#### Description of the task
Every record is to be printed exactly as written, and any picture in it is skipped.

*** Opening of Data section ***

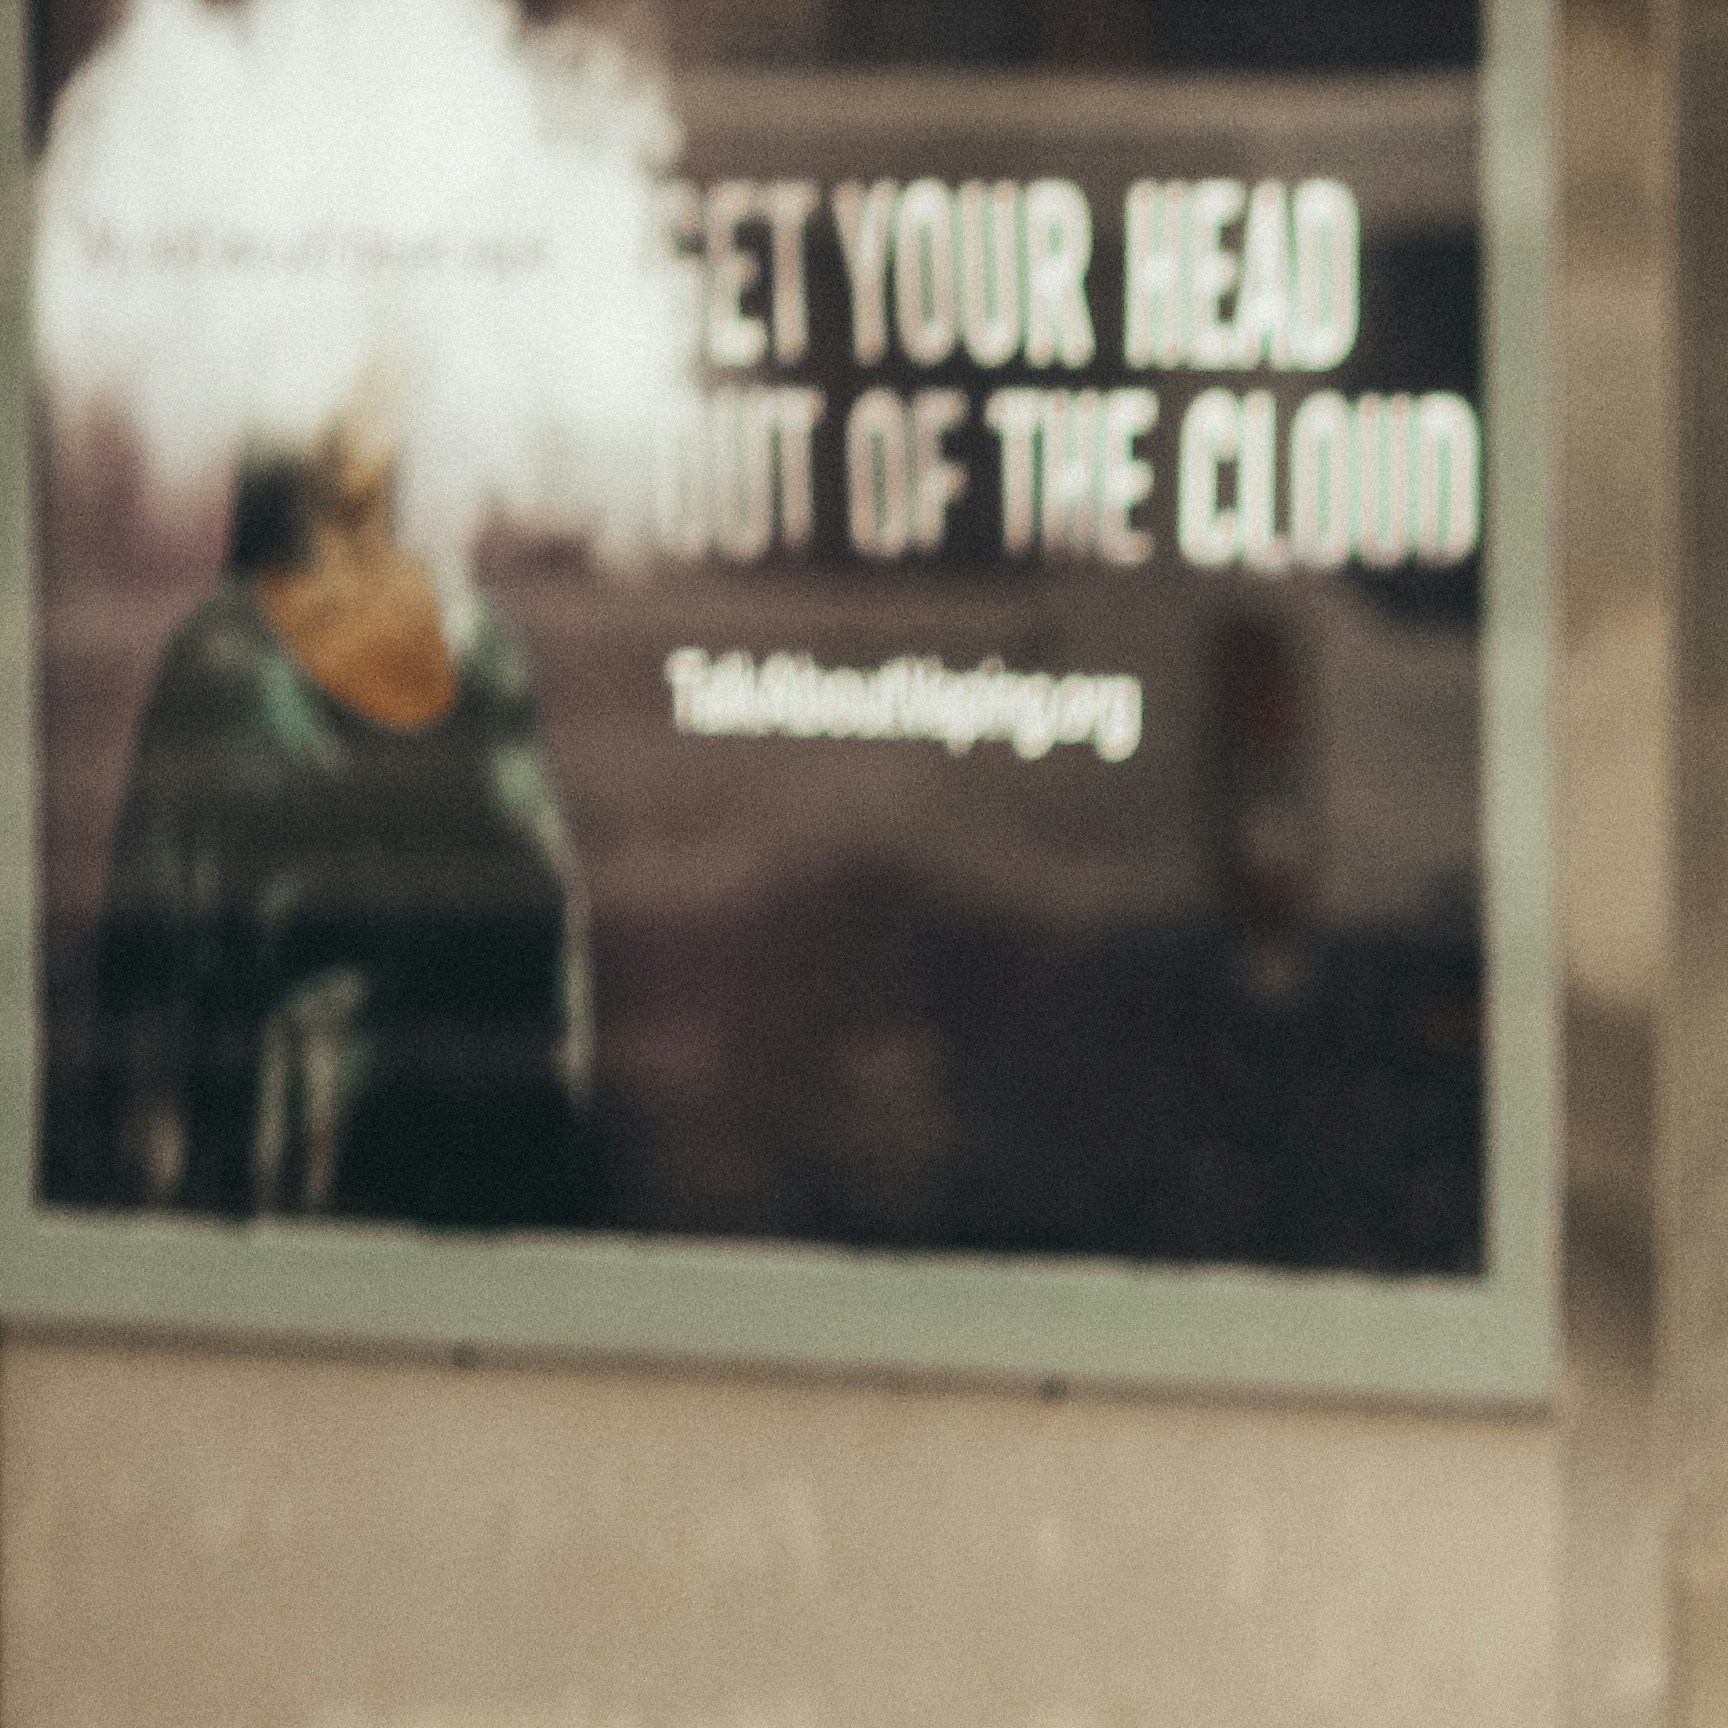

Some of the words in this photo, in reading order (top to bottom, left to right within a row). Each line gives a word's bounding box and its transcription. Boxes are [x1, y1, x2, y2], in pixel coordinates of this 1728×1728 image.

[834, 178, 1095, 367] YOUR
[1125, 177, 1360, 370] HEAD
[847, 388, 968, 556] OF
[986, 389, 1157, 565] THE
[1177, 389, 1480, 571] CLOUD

*** Close of Data section ***

#### Answer to this problem
Some of the words in this photo, in reading order (top to bottom, left to right within a row). Each line gives a word's bounding box and its transcription. Boxes are [x1, y1, x2, y2], in pixel coordinates of this 1728×1728 image.

[834, 178, 1095, 367] YOUR
[1125, 177, 1360, 370] HEAD
[847, 388, 968, 556] OF
[986, 389, 1157, 565] THE
[1177, 389, 1480, 571] CLOUD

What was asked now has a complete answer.